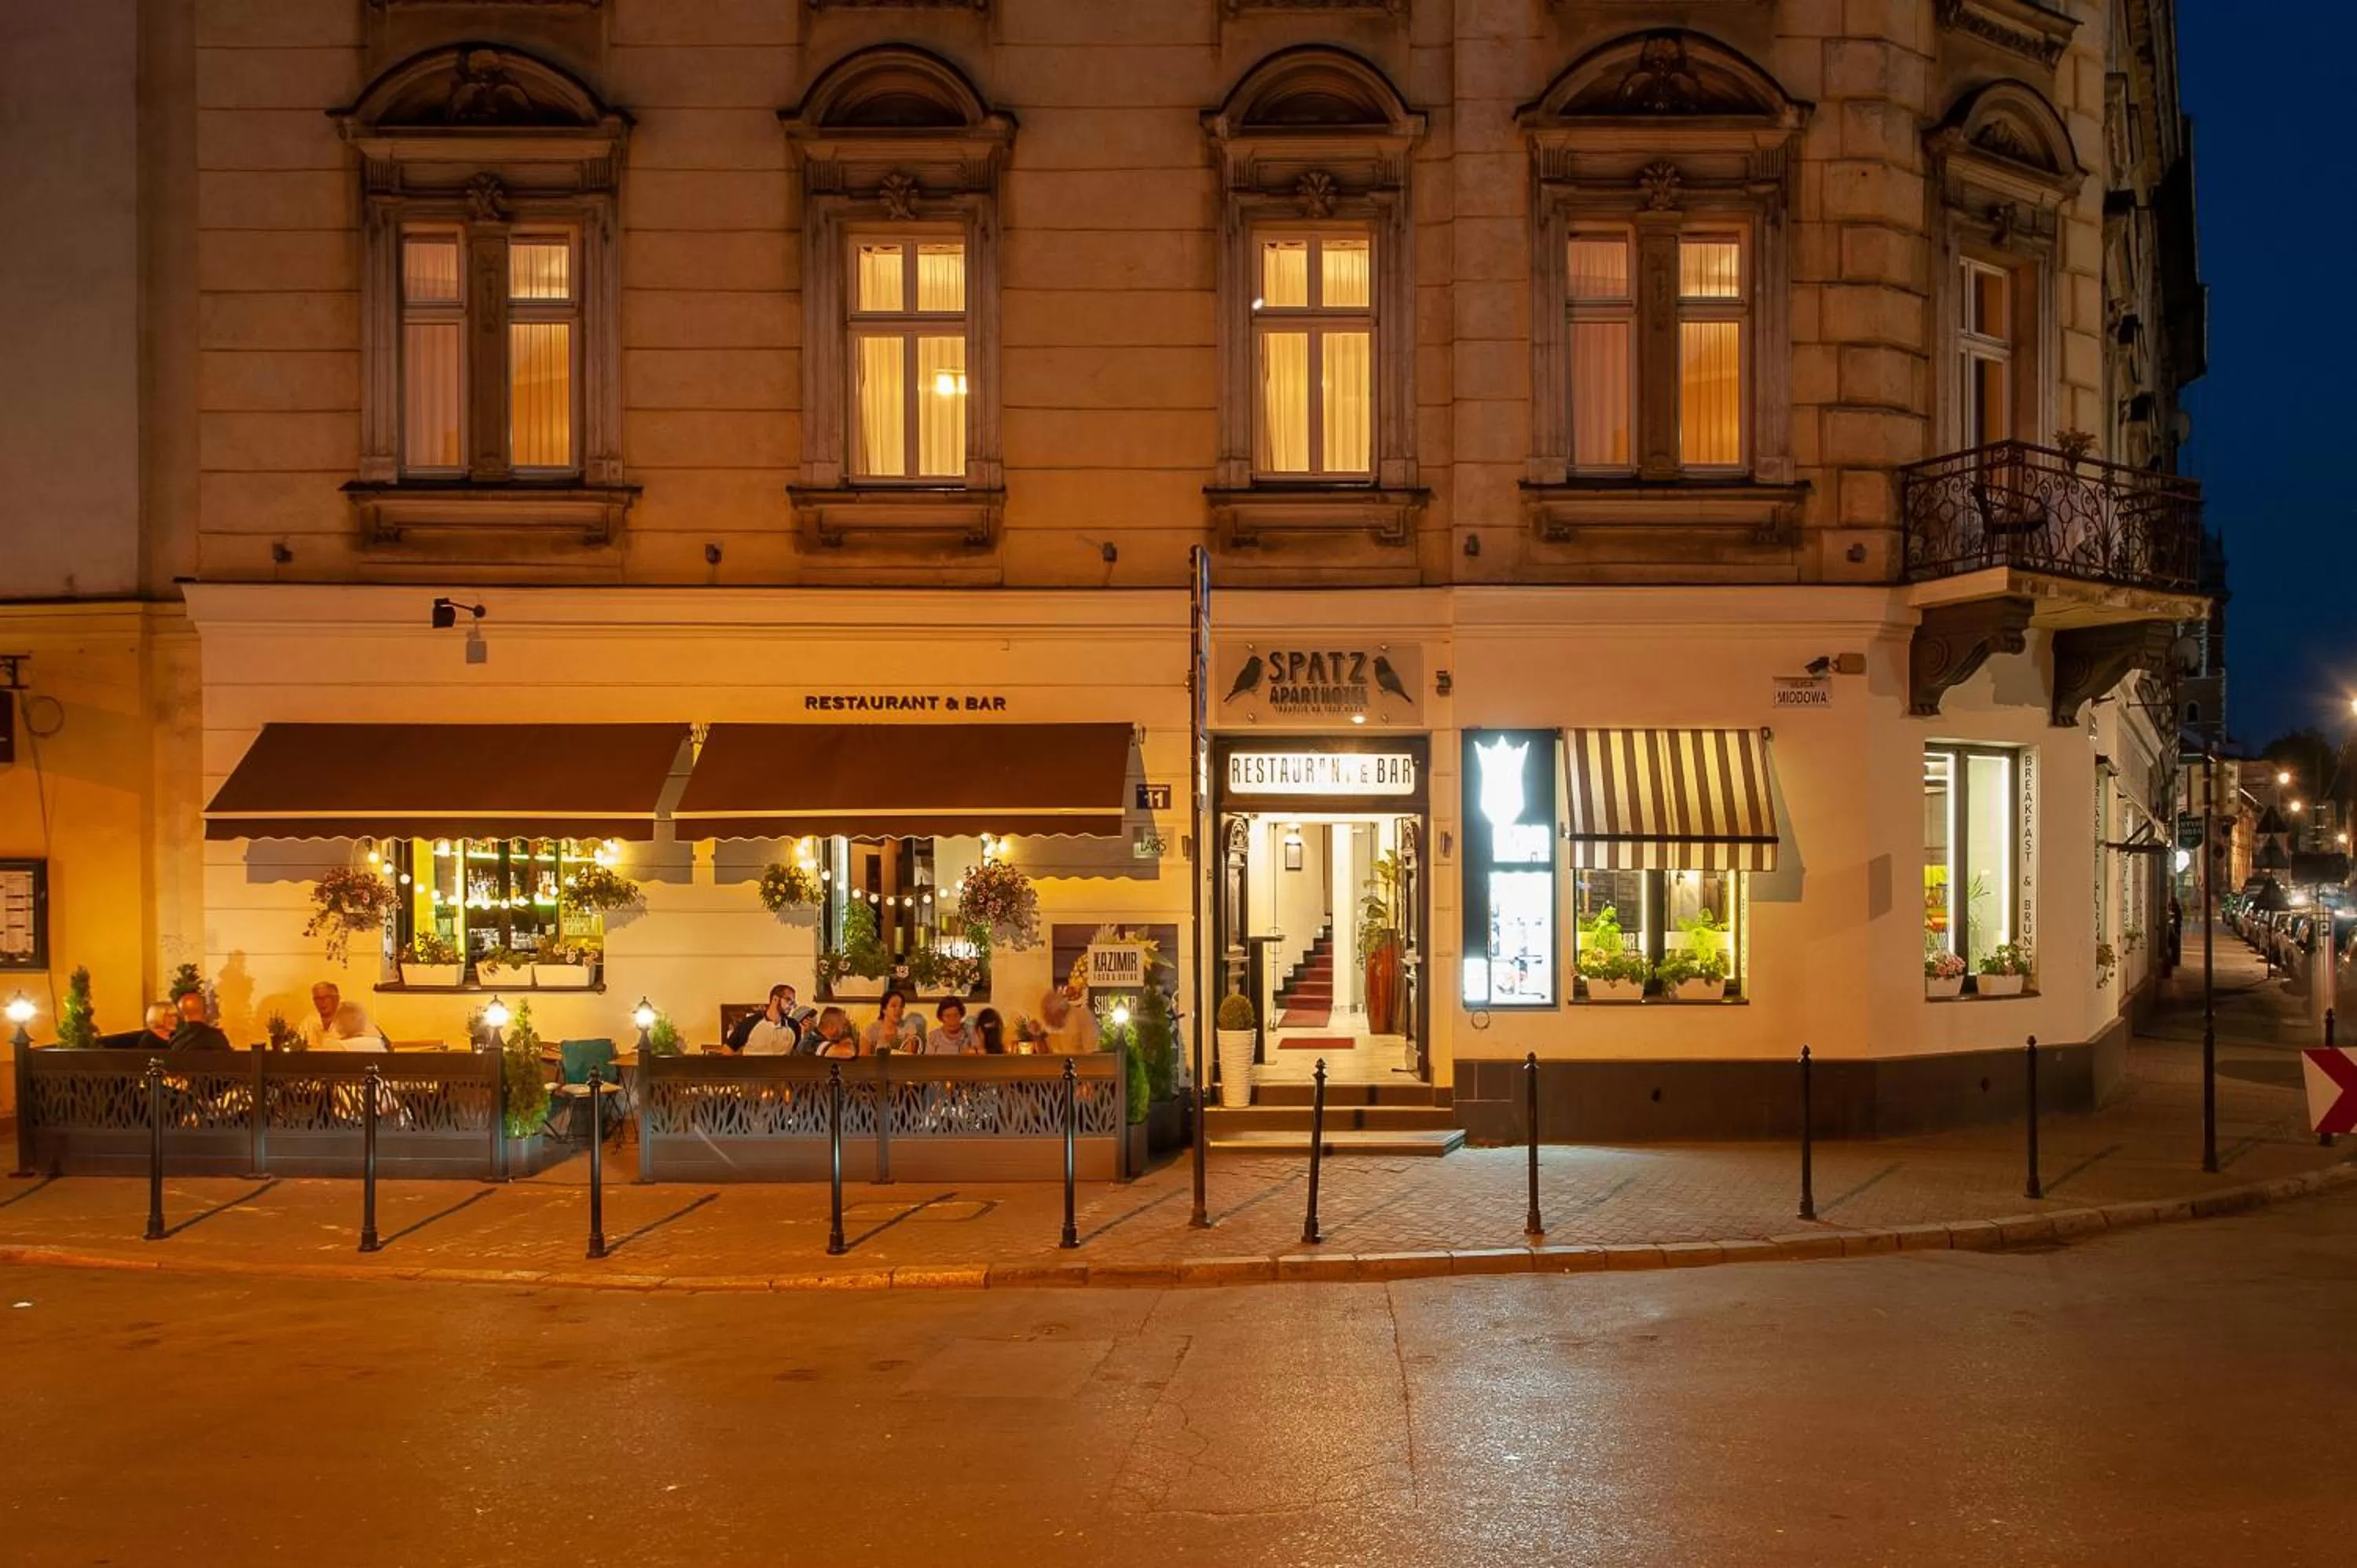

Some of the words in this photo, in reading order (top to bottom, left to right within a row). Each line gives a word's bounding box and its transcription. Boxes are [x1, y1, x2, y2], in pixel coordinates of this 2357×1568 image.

[1269, 651, 1368, 683] SPATZ
[805, 695, 940, 711] RESTAURANT
[945, 696, 959, 711] &
[965, 696, 1006, 711] BAR
[1269, 686, 1369, 704] APARTHOTEL
[1776, 691, 1827, 703] MIODOWA
[1231, 757, 1351, 784] RESTAURN
[1376, 758, 1412, 784] BAR
[1144, 791, 1164, 808] 11
[2024, 755, 2033, 862] BREAKFAST
[2023, 876, 2032, 887] &
[1093, 951, 1138, 972] KAZIMIR
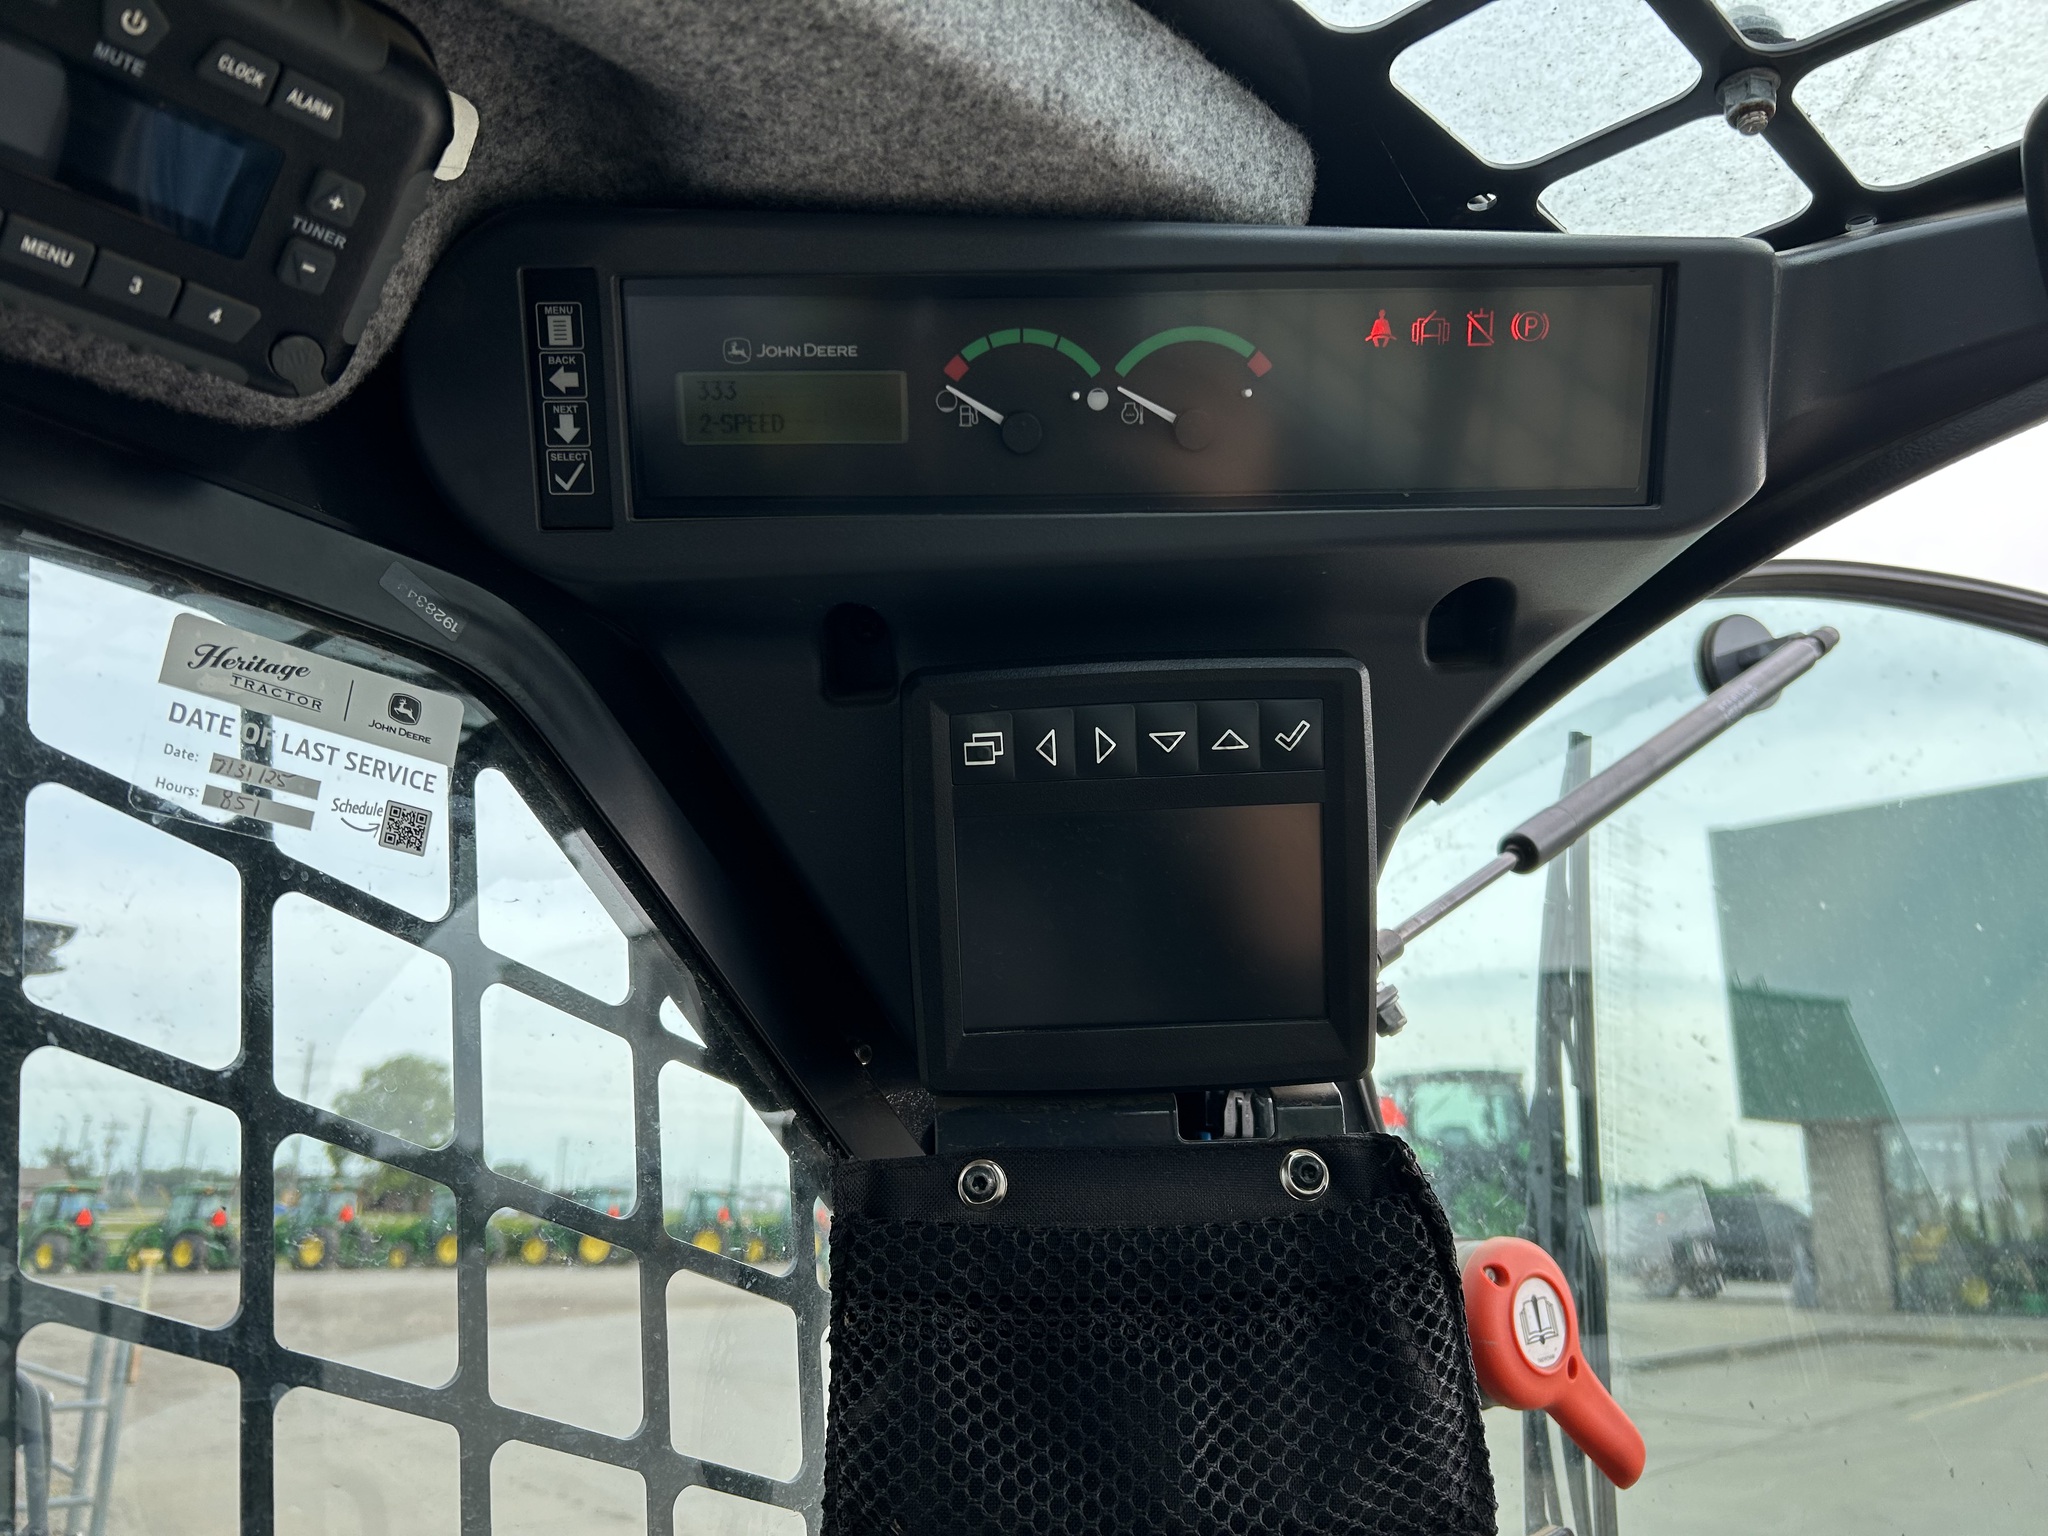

→ EXERCISE GOAL
Return the data exactly as it stands, minus the pictures.

→ WORKED SOLUTION
Some of the words in this photo, in reading order (top to bottom, left to right within a row). Each line gives a word's bounding box and its transcription. Boxes are [x1, y1, x2, y2], in pixel coordinates of this 2357×1568 image.

[1269, 651, 1368, 683] SPATZ
[805, 695, 940, 711] RESTAURANT
[945, 696, 959, 711] &
[965, 696, 1006, 711] BAR
[1269, 686, 1369, 704] APARTHOTEL
[1776, 691, 1827, 703] MIODOWA
[1231, 757, 1351, 784] RESTAURN
[1376, 758, 1412, 784] BAR
[1144, 791, 1164, 808] 11
[2024, 755, 2033, 862] BREAKFAST
[2023, 876, 2032, 887] &
[1093, 951, 1138, 972] KAZIMIR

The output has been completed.